2.1. La voie vers la citoyenneté ou une liberté sous contrainte ?

2.1.2. Féminisme d’Etat à l’époque soviétique : progressions et reculs.

2.1.2.2. Les femmes oubliées ou héroïnes de leur époque ?

Le bilan des réformes de la période soviétique est contrasté. L’intégration des femmes dans la production publique est devenue un axe prioritaire de la politique d’Etat. Le droit au travail, au payement, à l’assurance sociale était fixé dans toutes les Constitutions de l’URSS. L’Etat proposait aux femmes des privilèges et des avantages en droits à cause de leur fonction biologique (être mère). La guerre, la restructuration et le développement économique extensif exigeaient la participation active des femmes, ce qui explique le niveau de l’intégration des femmes relativement élevé dans les différents domaines de la société. Dans cette partie, je décrirai les résultats de la politique d’Etat à l’égard des femmes dans la vie économique, professionnelle et dans l’éducation.

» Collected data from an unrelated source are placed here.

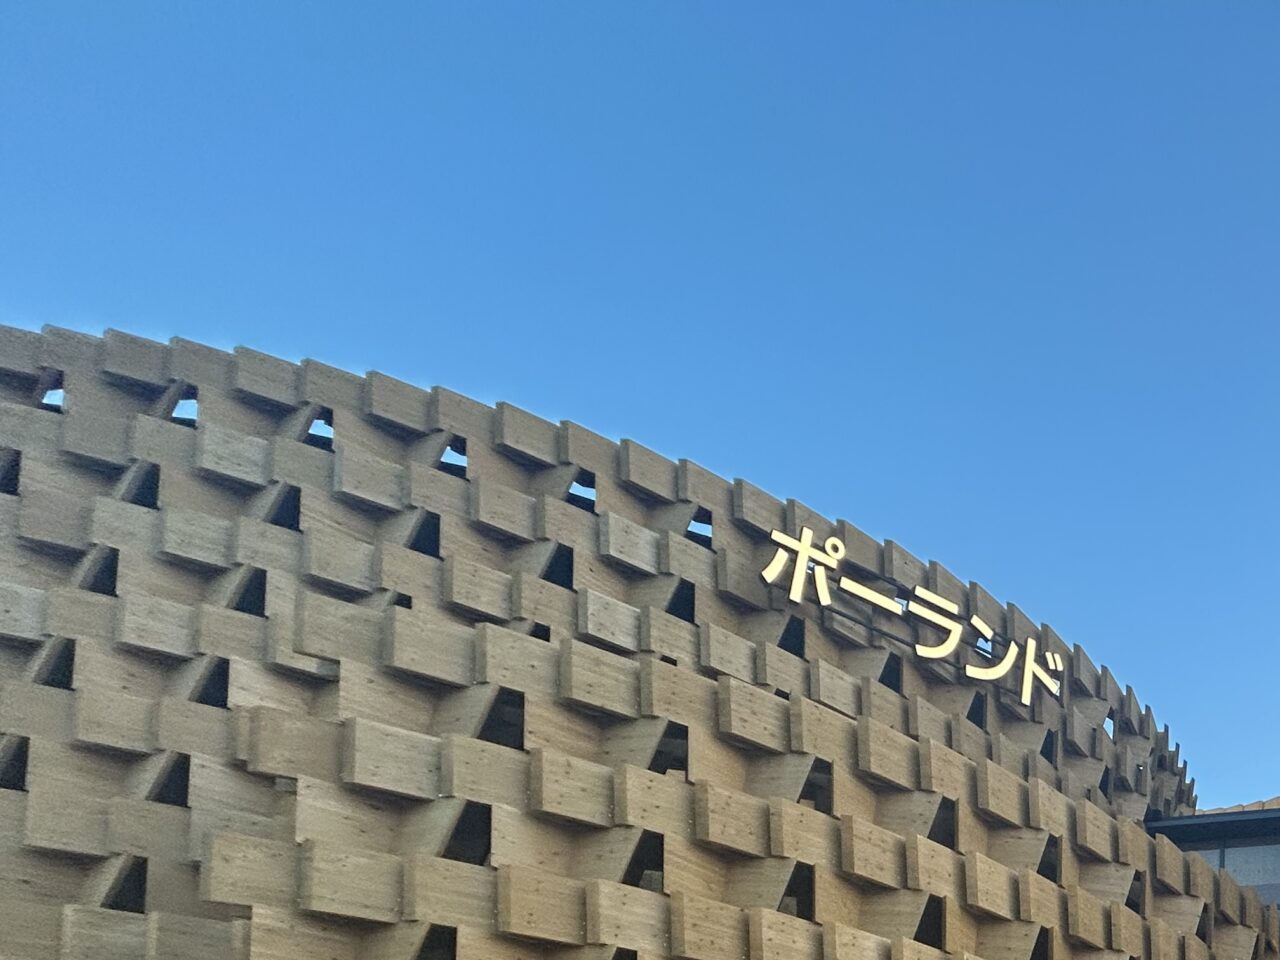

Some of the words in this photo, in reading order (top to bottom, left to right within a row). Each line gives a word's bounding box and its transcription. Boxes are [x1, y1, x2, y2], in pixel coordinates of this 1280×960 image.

[761, 526, 1064, 706] ポーランド
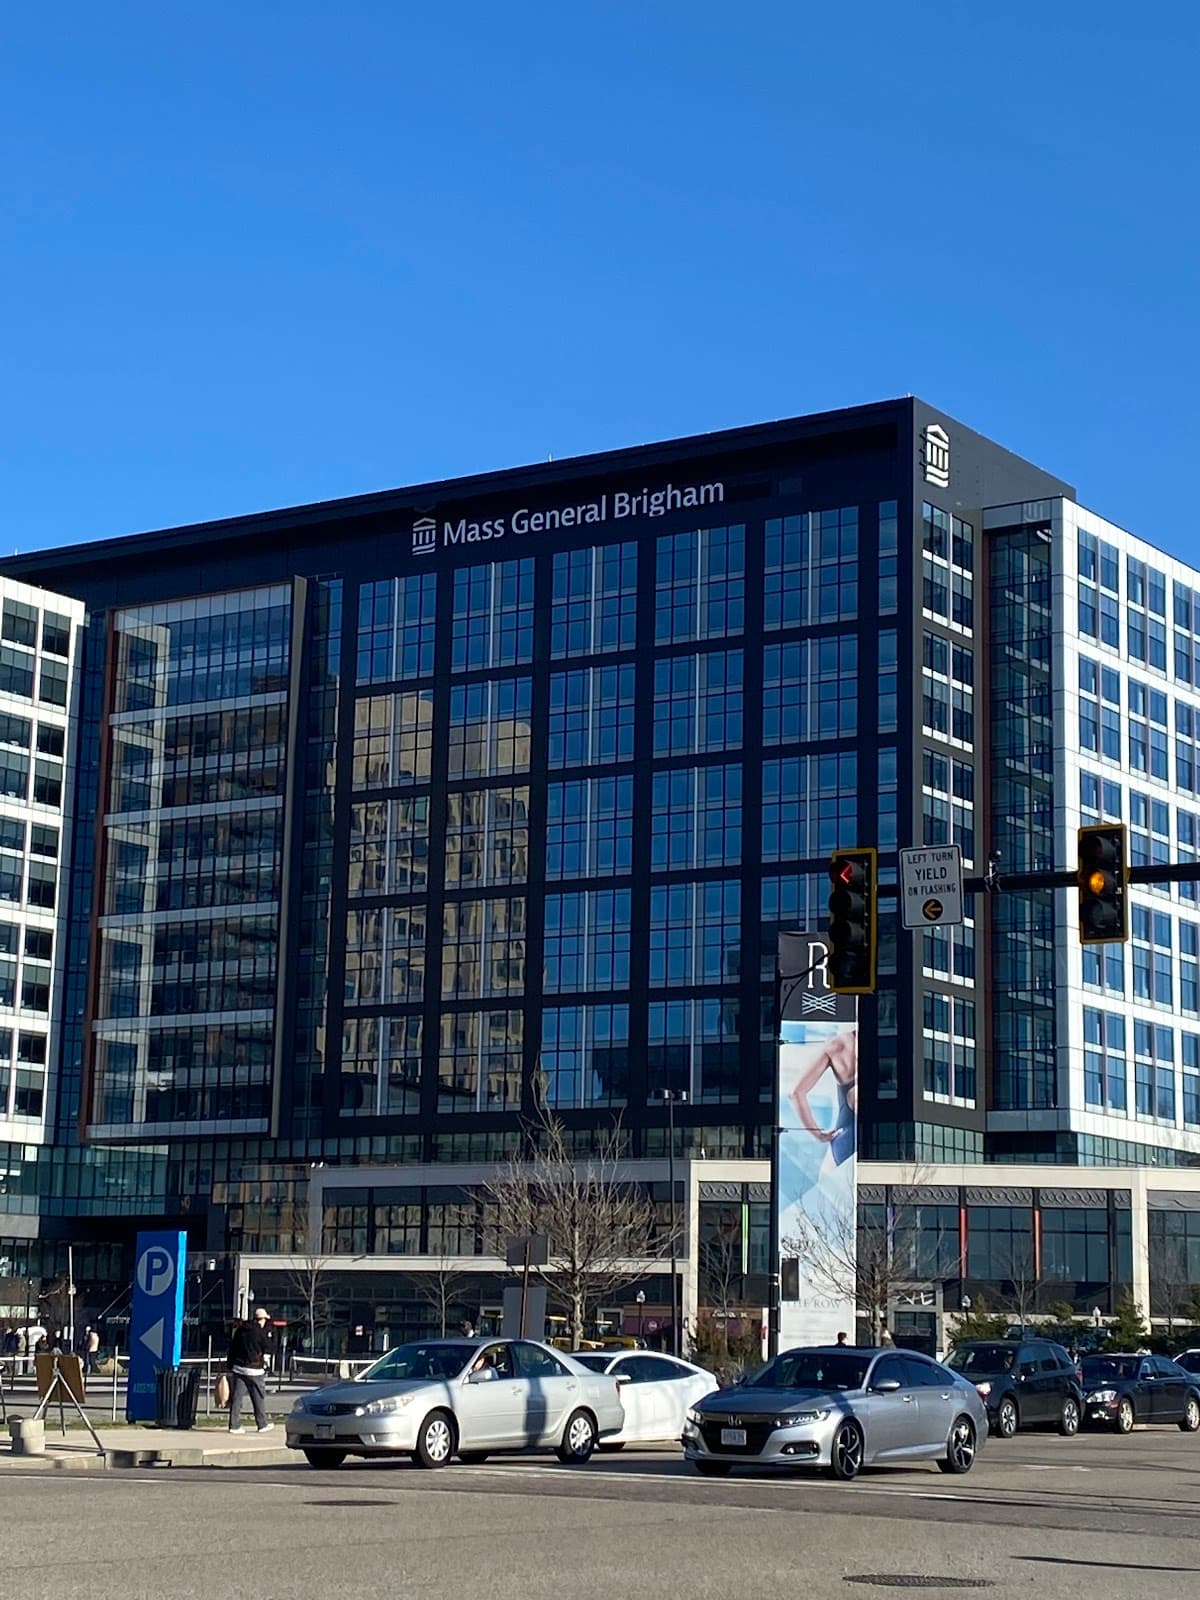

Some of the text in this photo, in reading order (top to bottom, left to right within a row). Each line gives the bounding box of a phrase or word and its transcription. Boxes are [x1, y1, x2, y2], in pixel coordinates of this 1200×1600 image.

[443, 482, 724, 546] Mass General Brigham
[907, 850, 953, 864] LEFT TURN
[915, 866, 947, 880] YIELD
[908, 882, 956, 897] ON FLASHING
[807, 941, 831, 989] R
[145, 1251, 169, 1291] P
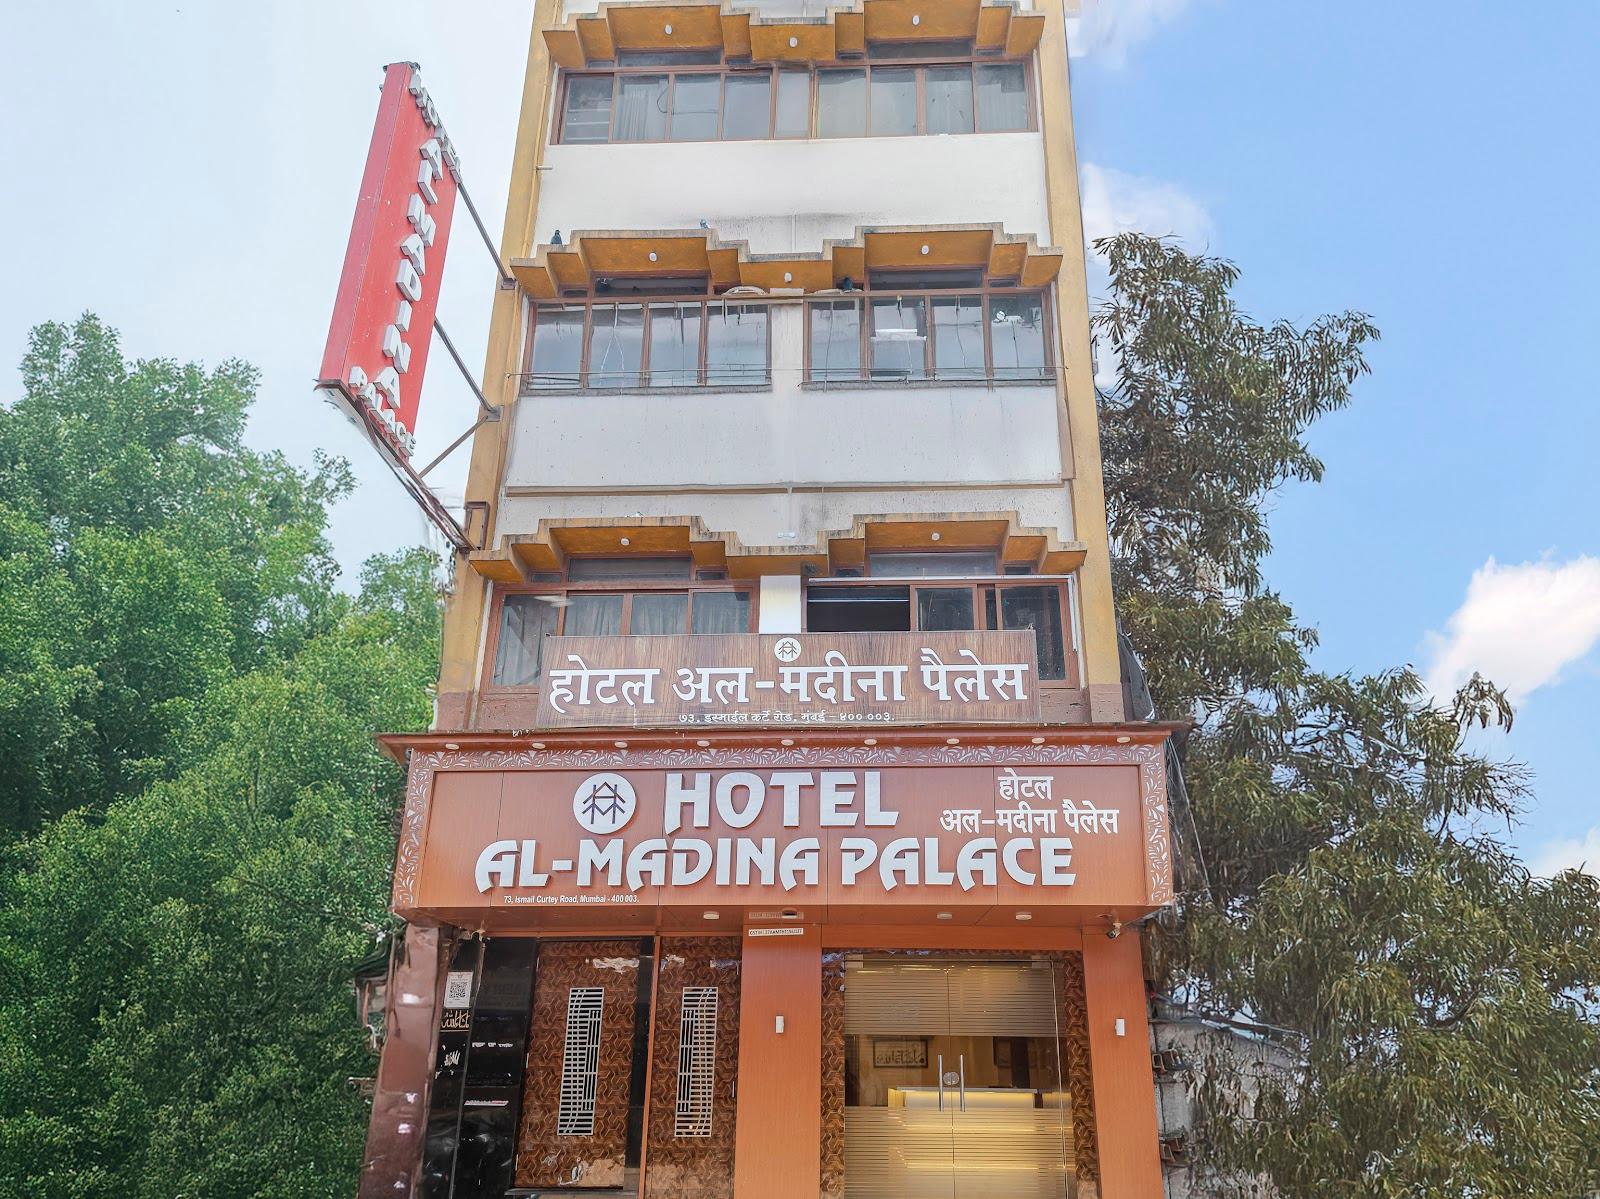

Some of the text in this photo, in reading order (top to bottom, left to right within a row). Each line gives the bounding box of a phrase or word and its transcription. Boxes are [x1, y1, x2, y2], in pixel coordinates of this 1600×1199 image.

[348, 366, 416, 457] PALACE
[549, 654, 660, 714] होटल
[920, 647, 1029, 703] पैलेस
[665, 771, 899, 835] HOTEL
[997, 767, 1054, 801] होटल
[939, 798, 1120, 834] अल-मदीना पैलेस
[474, 837, 1076, 893] AL-MADINA PALACE
[580, 894, 606, 904] Mumbai
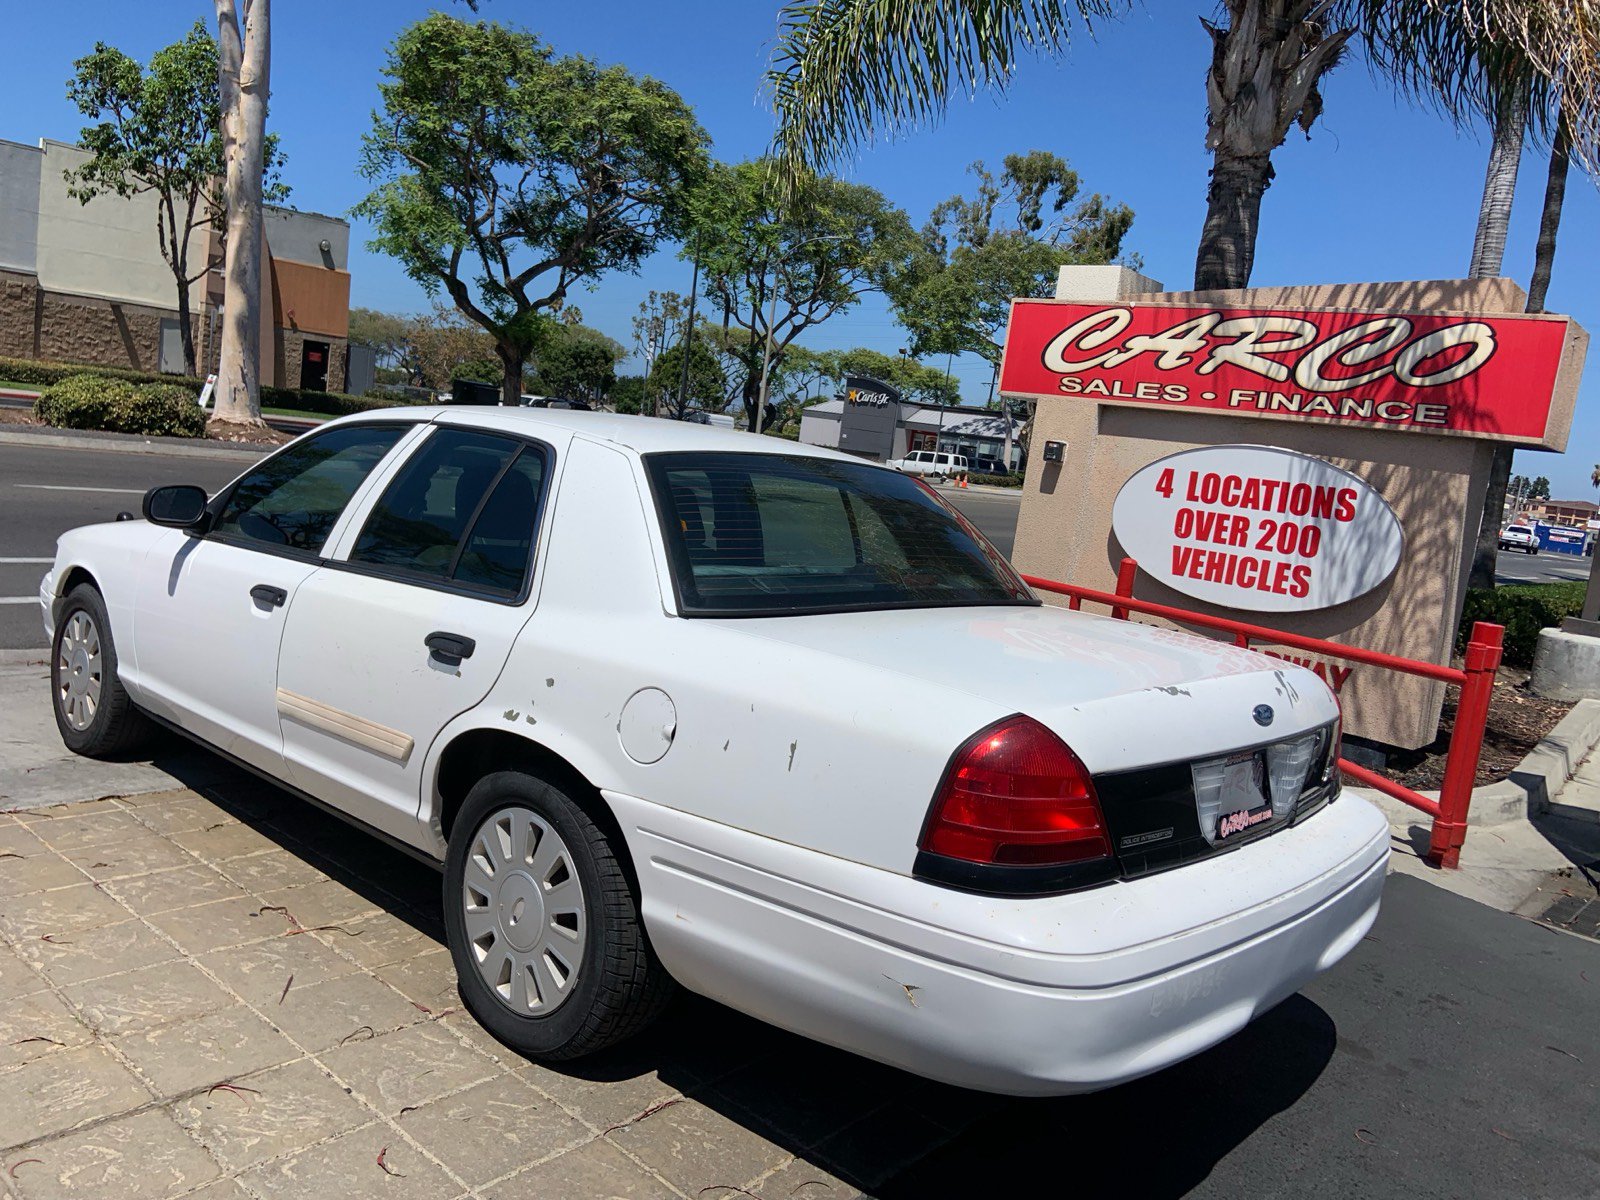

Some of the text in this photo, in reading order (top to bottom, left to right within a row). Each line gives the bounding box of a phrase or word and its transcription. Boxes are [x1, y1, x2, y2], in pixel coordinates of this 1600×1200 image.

[1042, 308, 1498, 393] CARCO
[856, 391, 890, 405] Carl's Jr.
[1059, 376, 1451, 424] SALES FINANCE
[1155, 468, 1358, 522] 4 LOCATIONS
[1174, 507, 1321, 558] OVER 200
[1171, 545, 1312, 598] VEHICLES
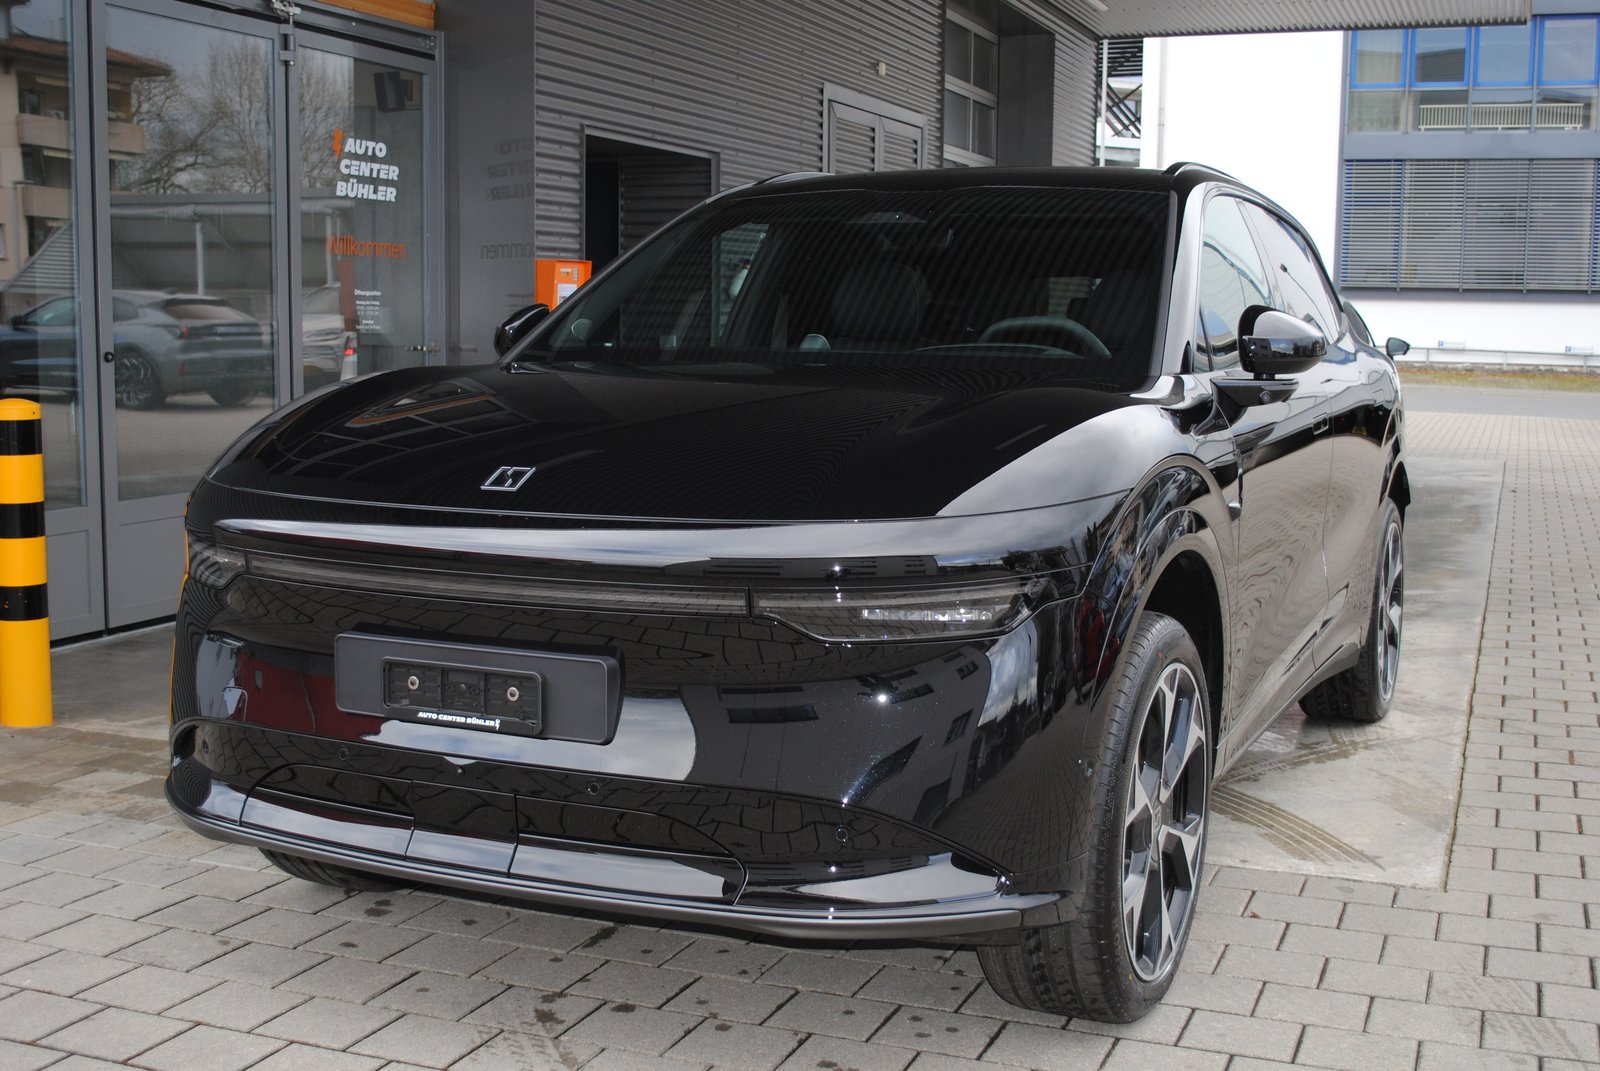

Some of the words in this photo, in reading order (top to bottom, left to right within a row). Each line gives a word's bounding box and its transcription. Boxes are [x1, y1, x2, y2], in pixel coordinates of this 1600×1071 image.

[345, 138, 387, 158] AUTO
[340, 158, 399, 180] CENTER
[336, 178, 397, 202] BÜHLER
[325, 234, 407, 258] Willkommen
[417, 711, 438, 720] AUTO
[438, 714, 466, 723] CENTER
[466, 717, 496, 727] BÜHLER

La position des femmes dans la société russe présente, à cette époque, quelques particularités. En premier lieu, il faut mettre en évidence la supériorité numérique des femmes par rapport aux hommes. En effet, d’après le recensement de 1970, il y avait en URSS 130 400 000 femmes pour 111 300 000 hommes. Cette dominante féminine dans la population est une particularité exceptionnelle. Une autre spécificité de la démographie soviétique est l’inégale répartition entre les populations urbaines et rurales. Les déportations massives qui ont fait suite à la collectivisation agraire des années 1928-1930 ont provoqué une forte décroissance dans les populations masculines, aggravée par la Deuxième Guerre Mondiale. Par conséquent, cette simple donnée quantitative explique pourquoi les femmes étaient si favorisées en URSS. Il a été obligatoire, dans la plupart de professions de combler le déficit masculin. C’était une nécessité que l’Etat soviétique devait assumer. Les paysannes ont formé pendant très longtemps une force d'opposition au nouveau régime. Au début de la Révolution d'octobre, les paysans avaient pensé, que le nouveau régime, effectuant le partage des terres, leur permettrait enfin de profiter des produits issus de leurs fermes. La favorisation de ces modestes propriétaires ne faisait pas partie des projets du Parti. Le Parti voulait rapidement propager le socialisme dans les villages, contraindre les paysans à fournir à l'Etat, à des prix fixés par ce dernier, la plus grosse partie de leur production. Le gouvernement a été obligé d'appliquer cette politique

pour nourrir la population des villes grandissantes en raison de l'industrialisation. L’industrialisation allait de pair avec la collectivisation agraire.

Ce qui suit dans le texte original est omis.